Kadhafi est, qui plus est, arrivé à Paris un jour où se commémoraient les droits de l’homme : je veux encore penser que ce jour a été choisi au hasard. Dans un pays où une fraction croissante de la population est musulmane, où l’islam radical continue à s’implanter et où, comme on l’a vu récemment encore à Villiers-le Bel, des zones de non droit sont très proches de l’explosion, on pourrait se dire que ce genre de choses n’arrangera vraiment rien. À moins qu’il ne soit imaginé en haut lieu que la meilleure façon de remédier à une situation détraquée est d’en prendre bonne note, d’accompagner la dérive, et de faire de la « communication ».

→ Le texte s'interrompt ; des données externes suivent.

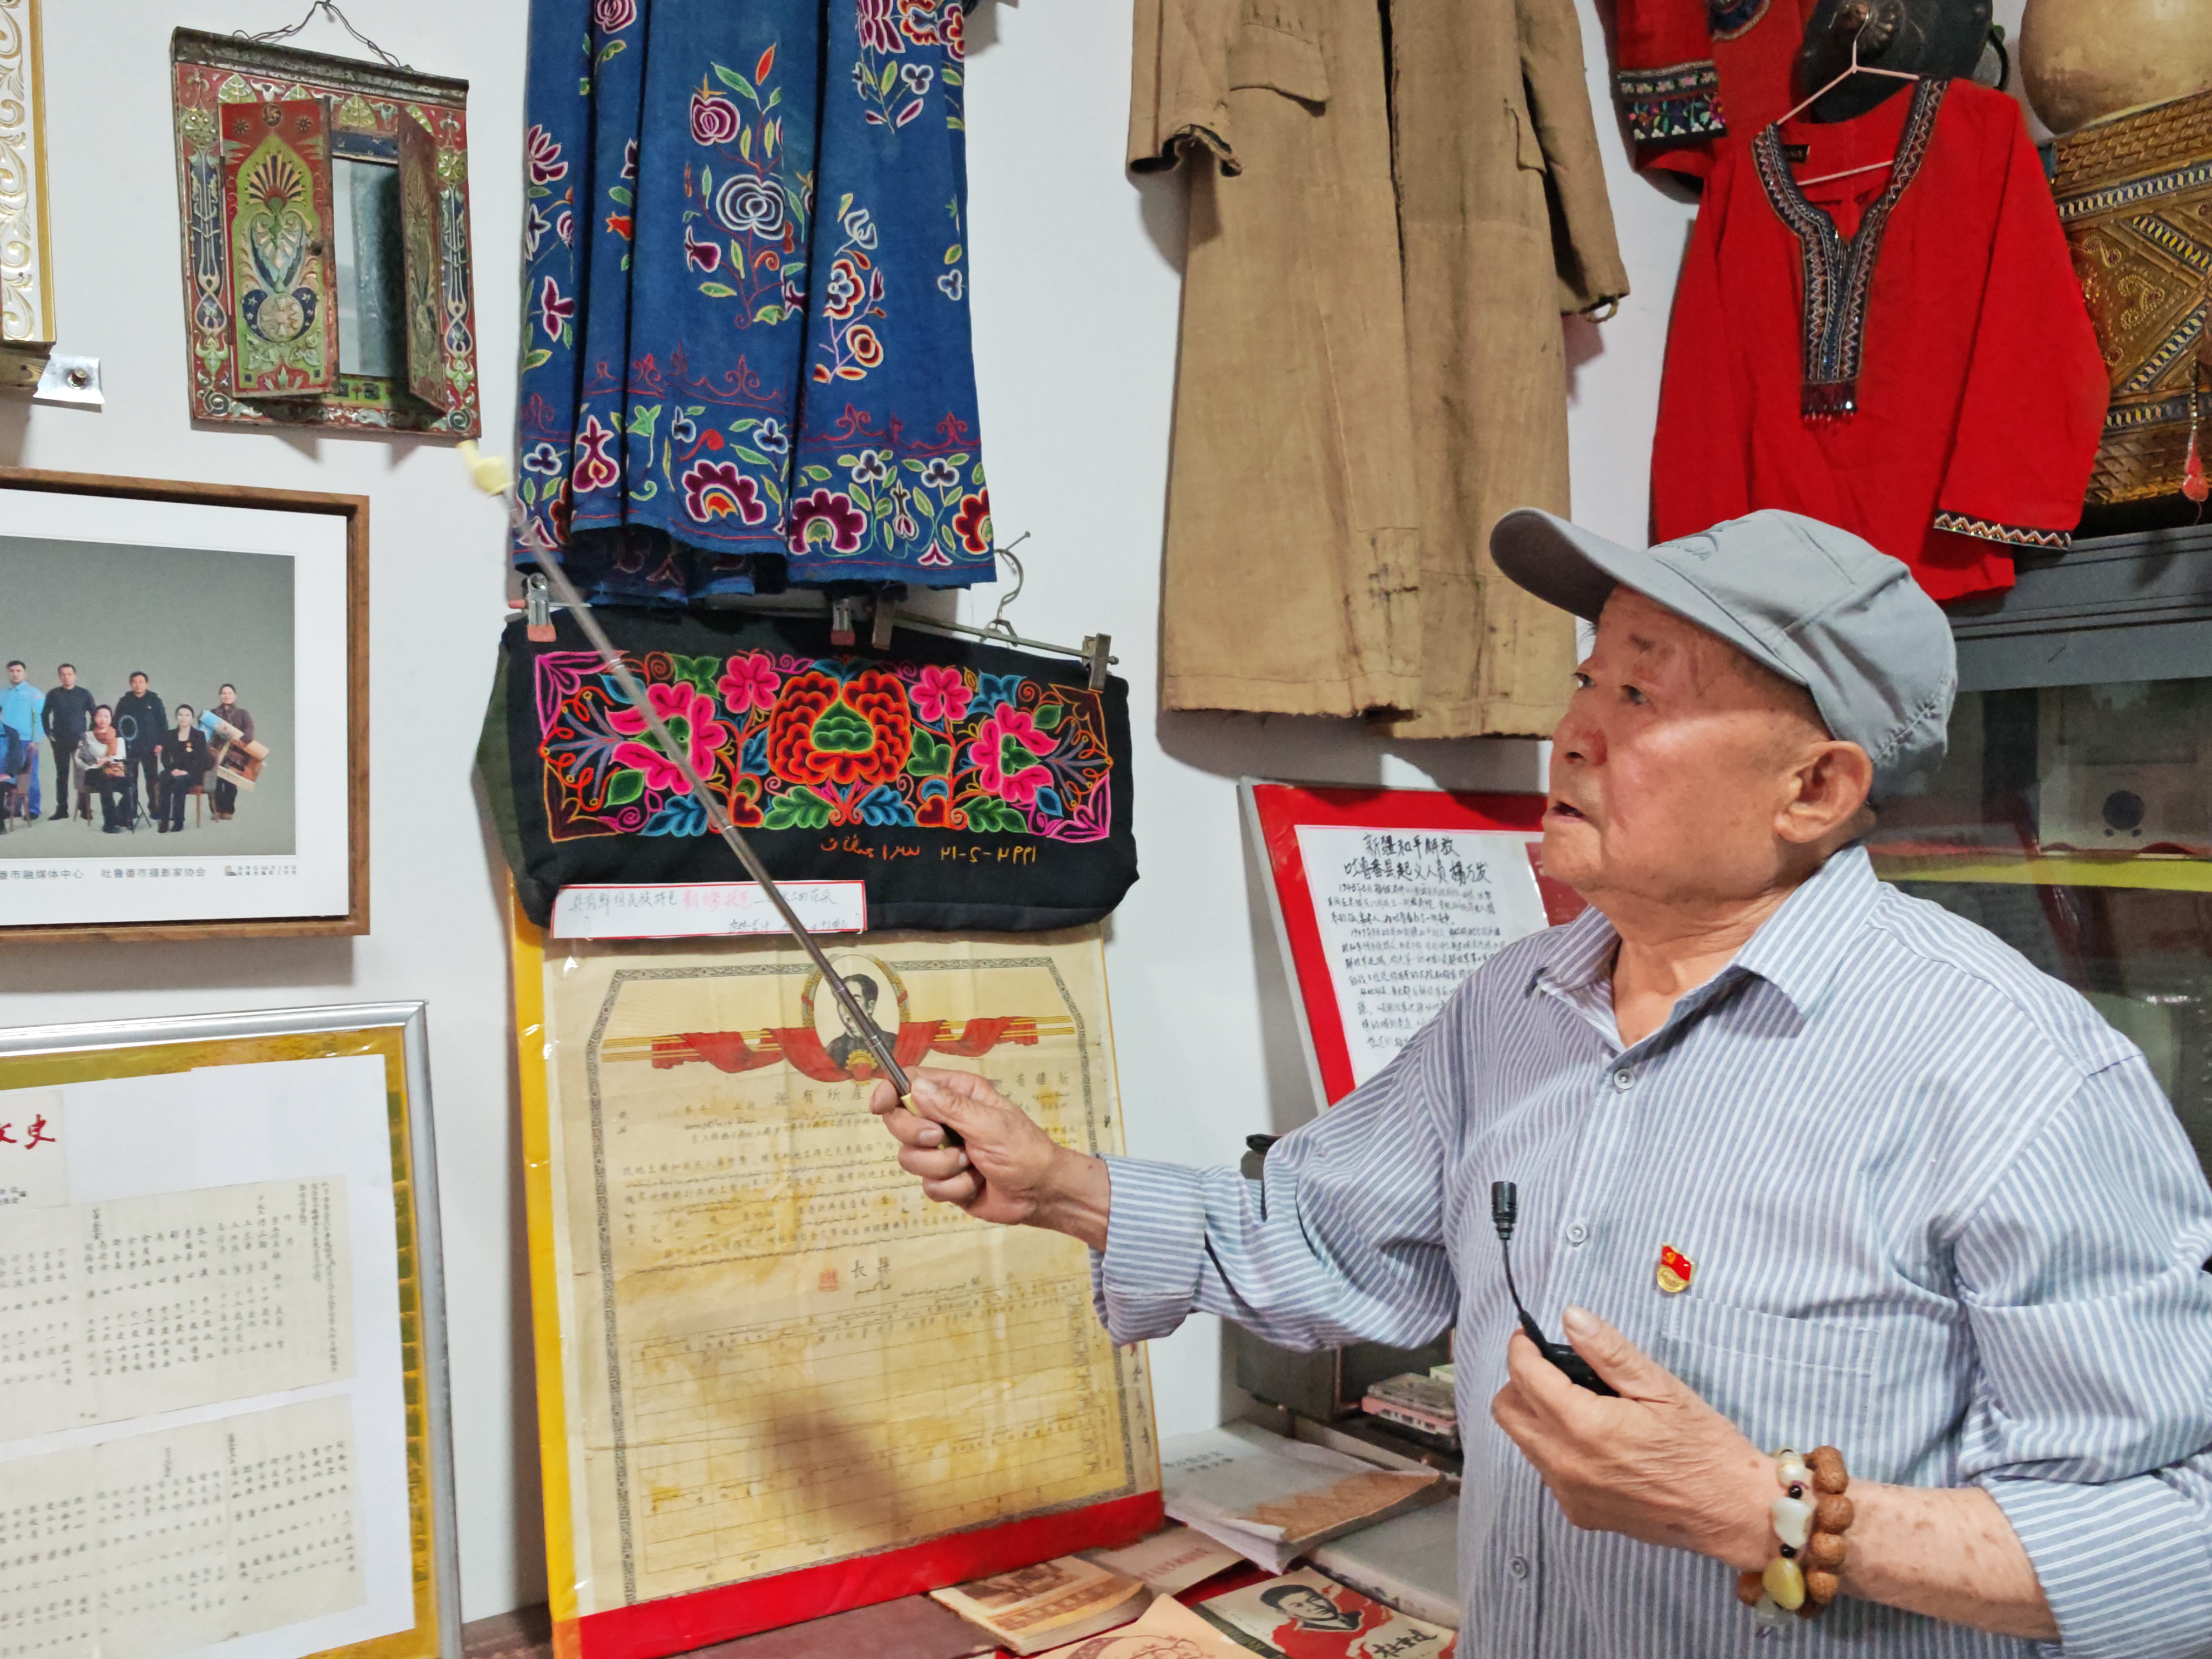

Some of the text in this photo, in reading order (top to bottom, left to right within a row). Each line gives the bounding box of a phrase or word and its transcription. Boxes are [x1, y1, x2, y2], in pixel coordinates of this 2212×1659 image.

[101, 867, 207, 879] 吐鲁番市摄影家协会
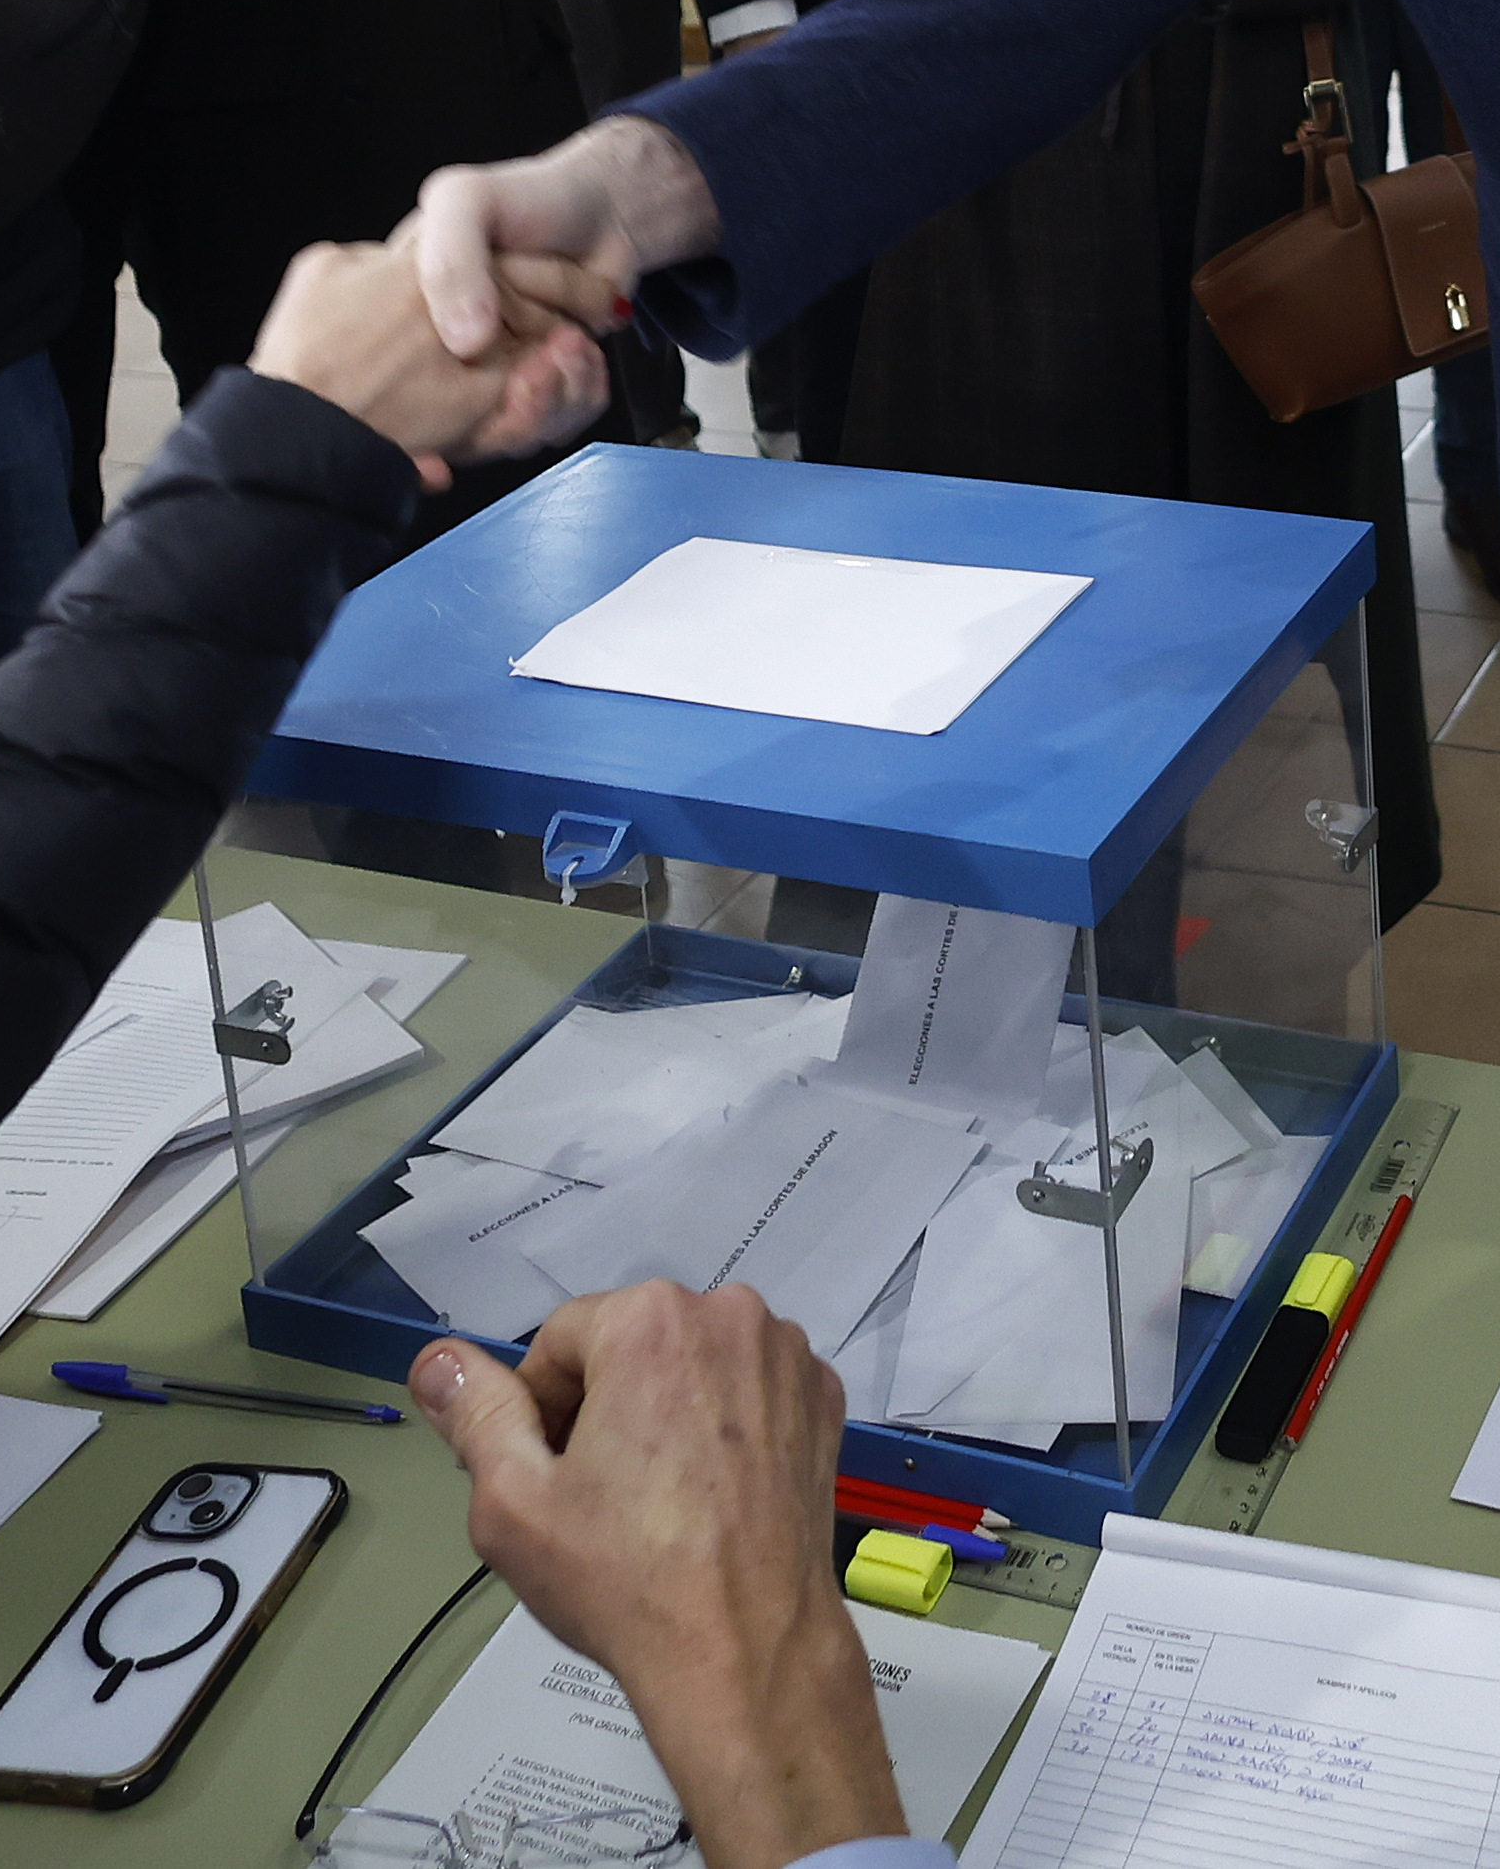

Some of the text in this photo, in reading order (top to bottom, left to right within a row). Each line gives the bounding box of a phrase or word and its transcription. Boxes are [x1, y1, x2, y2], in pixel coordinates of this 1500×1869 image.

Il n’empêche que cela commence, vraiment, oui vraiment, à faire beaucoup. Les propos antisémites d’un ministre algérien qui n’a fait que se faire le porte-voix de ce que pensent tous les dirigeants qui l’entourent ont été rapidement classés sans suite et n’ont pas empêché Nicolas Sarkozy d’embrasser chaleureusement Bouteflika tout en parlant du passé colonial de façon douteuse.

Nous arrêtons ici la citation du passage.